*Assigned task*
Without leaving anything out, print every line of the data.

****************************************

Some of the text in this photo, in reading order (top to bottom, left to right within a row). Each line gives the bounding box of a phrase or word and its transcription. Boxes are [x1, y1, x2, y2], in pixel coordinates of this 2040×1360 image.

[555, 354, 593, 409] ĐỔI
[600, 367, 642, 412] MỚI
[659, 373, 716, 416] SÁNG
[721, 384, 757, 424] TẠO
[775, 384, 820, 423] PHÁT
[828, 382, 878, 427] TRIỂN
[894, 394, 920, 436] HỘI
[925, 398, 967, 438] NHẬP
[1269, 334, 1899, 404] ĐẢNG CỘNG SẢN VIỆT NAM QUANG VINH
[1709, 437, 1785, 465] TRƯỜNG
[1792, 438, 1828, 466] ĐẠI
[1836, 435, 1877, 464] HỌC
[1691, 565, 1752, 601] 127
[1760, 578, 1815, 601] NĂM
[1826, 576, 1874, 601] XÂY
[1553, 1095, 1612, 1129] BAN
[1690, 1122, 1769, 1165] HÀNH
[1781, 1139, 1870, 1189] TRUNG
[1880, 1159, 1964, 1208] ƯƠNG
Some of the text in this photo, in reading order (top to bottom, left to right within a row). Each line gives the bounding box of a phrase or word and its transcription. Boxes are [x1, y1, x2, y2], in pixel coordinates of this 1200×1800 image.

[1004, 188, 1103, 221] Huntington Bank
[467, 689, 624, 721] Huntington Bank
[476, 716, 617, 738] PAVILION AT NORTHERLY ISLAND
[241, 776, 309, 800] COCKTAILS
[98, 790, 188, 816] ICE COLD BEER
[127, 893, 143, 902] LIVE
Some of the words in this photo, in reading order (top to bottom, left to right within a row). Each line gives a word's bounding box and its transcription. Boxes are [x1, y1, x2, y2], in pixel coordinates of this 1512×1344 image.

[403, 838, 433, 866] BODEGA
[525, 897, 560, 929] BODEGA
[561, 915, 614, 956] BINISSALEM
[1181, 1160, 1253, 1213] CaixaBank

****************************************

*Answer for the task*
Some of the text in this photo, in reading order (top to bottom, left to right within a row). Each line gives the bounding box of a phrase or word and its transcription. Boxes are [x1, y1, x2, y2], in pixel coordinates of this 2040×1360 image.

[555, 354, 593, 409] ĐỔI
[600, 367, 642, 412] MỚI
[659, 373, 716, 416] SÁNG
[721, 384, 757, 424] TẠO
[775, 384, 820, 423] PHÁT
[828, 382, 878, 427] TRIỂN
[894, 394, 920, 436] HỘI
[925, 398, 967, 438] NHẬP
[1269, 334, 1899, 404] ĐẢNG CỘNG SẢN VIỆT NAM QUANG VINH
[1709, 437, 1785, 465] TRƯỜNG
[1792, 438, 1828, 466] ĐẠI
[1836, 435, 1877, 464] HỌC
[1691, 565, 1752, 601] 127
[1760, 578, 1815, 601] NĂM
[1826, 576, 1874, 601] XÂY
[1553, 1095, 1612, 1129] BAN
[1690, 1122, 1769, 1165] HÀNH
[1781, 1139, 1870, 1189] TRUNG
[1880, 1159, 1964, 1208] ƯƠNG
Some of the text in this photo, in reading order (top to bottom, left to right within a row). Each line gives the bounding box of a phrase or word and its transcription. Boxes are [x1, y1, x2, y2], in pixel coordinates of this 1200×1800 image.

[1004, 188, 1103, 221] Huntington Bank
[467, 689, 624, 721] Huntington Bank
[476, 716, 617, 738] PAVILION AT NORTHERLY ISLAND
[241, 776, 309, 800] COCKTAILS
[98, 790, 188, 816] ICE COLD BEER
[127, 893, 143, 902] LIVE
Some of the words in this photo, in reading order (top to bottom, left to right within a row). Each line gives a word's bounding box and its transcription. Boxes are [x1, y1, x2, y2], in pixel coordinates of this 1512×1344 image.

[403, 838, 433, 866] BODEGA
[525, 897, 560, 929] BODEGA
[561, 915, 614, 956] BINISSALEM
[1181, 1160, 1253, 1213] CaixaBank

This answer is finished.